Pesquisa da UFMG indica que 39% dos alunos de escolas particulares de BH estão acima do peso
Para especialistas, muita comida industrializada, acesso a tecnologia e pouca atividade física contribuem para o problema entre crianças de famílias com melhor condição econômica
Flávia Ayer
Publicação:08/12/2013 07:34Atualização: 08/12/2013 08:02
No teste da balança, nota baixa para alunos de escolas particulares de Belo Horizonte, que carregam muitos “quilinhos” além dos cadernos, livros e apostilas nas mochilas. As instituições privadas concentram o maior percentual de crianças e adolescentes acima do peso na capital – 39% dos estudantes do 2º ao 6ª ano do ensino fundamental. É o que revela a pesquisa “Prevalência do excesso de peso em escolares do município de Belo Horizonte”, da Faculdade de Medicina da Universidade Federal de Minas Gerais (UFMG). O sobrepeso e a obesidade estão presentes, sobretudo, entre os meninos de 5 a 9 anos de colégios particulares, mas o alerta é geral. Segundo o estudo, quase um terço dos alunos precisam emagrecer e fazer as pazes com uma vida saudável, longe dos salgadinhos, frituras e guloseimas.
A dissertação da mestre em saúde da criança e do adolescente Renata Abreu investigou o Índice de Massa Corporal (IMC) de 2.038 alunos de 17 escolas públicas e particulares de BH. Os estudantes cursavam do 2º ao 6º ano do ensino fundamental e tinham idade entre 5 e 15 anos.
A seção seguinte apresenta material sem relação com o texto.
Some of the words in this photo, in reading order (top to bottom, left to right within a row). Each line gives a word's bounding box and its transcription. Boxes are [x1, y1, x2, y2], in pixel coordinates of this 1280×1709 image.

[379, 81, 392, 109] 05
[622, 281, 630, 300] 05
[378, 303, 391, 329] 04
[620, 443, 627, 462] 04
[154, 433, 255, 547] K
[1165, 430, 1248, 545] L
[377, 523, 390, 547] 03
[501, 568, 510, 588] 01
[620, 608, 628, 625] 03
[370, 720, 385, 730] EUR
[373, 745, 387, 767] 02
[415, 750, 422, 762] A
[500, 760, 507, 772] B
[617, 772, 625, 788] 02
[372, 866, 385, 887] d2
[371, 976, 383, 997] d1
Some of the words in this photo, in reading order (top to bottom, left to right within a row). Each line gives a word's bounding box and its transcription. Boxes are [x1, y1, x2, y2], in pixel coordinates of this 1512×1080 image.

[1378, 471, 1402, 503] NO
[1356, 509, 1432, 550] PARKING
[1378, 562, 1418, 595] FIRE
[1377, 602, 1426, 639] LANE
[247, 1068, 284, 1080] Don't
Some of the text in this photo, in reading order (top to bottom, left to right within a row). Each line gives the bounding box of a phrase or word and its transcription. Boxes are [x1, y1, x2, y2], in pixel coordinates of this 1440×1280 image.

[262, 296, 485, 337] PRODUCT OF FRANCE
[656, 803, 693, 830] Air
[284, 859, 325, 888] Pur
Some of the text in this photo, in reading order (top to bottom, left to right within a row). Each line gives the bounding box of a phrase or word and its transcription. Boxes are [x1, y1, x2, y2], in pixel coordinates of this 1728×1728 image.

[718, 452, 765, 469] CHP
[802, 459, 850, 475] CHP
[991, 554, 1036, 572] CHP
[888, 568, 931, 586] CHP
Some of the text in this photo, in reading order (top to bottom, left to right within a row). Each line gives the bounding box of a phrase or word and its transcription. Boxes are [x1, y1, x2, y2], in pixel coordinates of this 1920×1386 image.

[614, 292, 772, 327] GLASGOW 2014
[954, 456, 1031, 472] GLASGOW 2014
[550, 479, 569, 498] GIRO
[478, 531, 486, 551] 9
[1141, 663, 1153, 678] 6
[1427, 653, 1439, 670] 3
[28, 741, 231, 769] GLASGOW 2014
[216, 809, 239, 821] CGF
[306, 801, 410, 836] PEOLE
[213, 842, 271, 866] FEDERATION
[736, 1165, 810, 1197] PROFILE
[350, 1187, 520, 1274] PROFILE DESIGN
Do total, 30,8% estavam fora de forma, sendo 15,9% com sobrepeso e 14,9% de obesos. O índice se aproxima ao de países desenvolvidos, onde a obesidade é considerada epidemia. Também é quase três vezes maior em relação ao Estudo do coração, pesquisa semelhante feita em 1998 que identificou excesso de peso entre 11,5% dos alunos de 6 a 18 anos em BH.
O cuidado com a balança desde cedo é questão de saúde, como reforça o nutrólogo e pediatra Joel Lamounier, professor da UFMG e um dos orientadores da dissertação. “A obesidade é só a ponta de um iceberg. Metade das crianças obesas tende a ser adultos obesos”, afirma. As complicações podem começar a aparecer já na infância. “O excesso de peso favorece doenças cardiovasculares e diabetes”, reforça.
O problema é mais acentuado nas escolas particulares, que têm 39% dos alunos acima do peso, contra 26% das públicas, estaduais e municipais. Os meninos estão mais gordinhos do que as meninas, com, respectivamente, 35% e 27% de pessoas com sobrepeso e obesidade. De acordo com a dissertação, os quilos a mais prevalecem entre as crianças de 5 a 9 anos. “A questão é prevenir o mais cedo possível”, afirma a pesquisadora, que concluiu o estudo este ano. Renata Abreu destaca que o excesso de peso está ligado ao contexto familiar, à genética, aos hábitos de vida, mas há estudos que apontam influência do fator econômico. “Talvez na escola particular, pela questão socioeconômica, o percentual seja mais alto. Há mais facilidade de acesso aos alimentos, principalmente industrializados, os meninos têm mais videogames, geralmente vão de carro para a escola”, diz.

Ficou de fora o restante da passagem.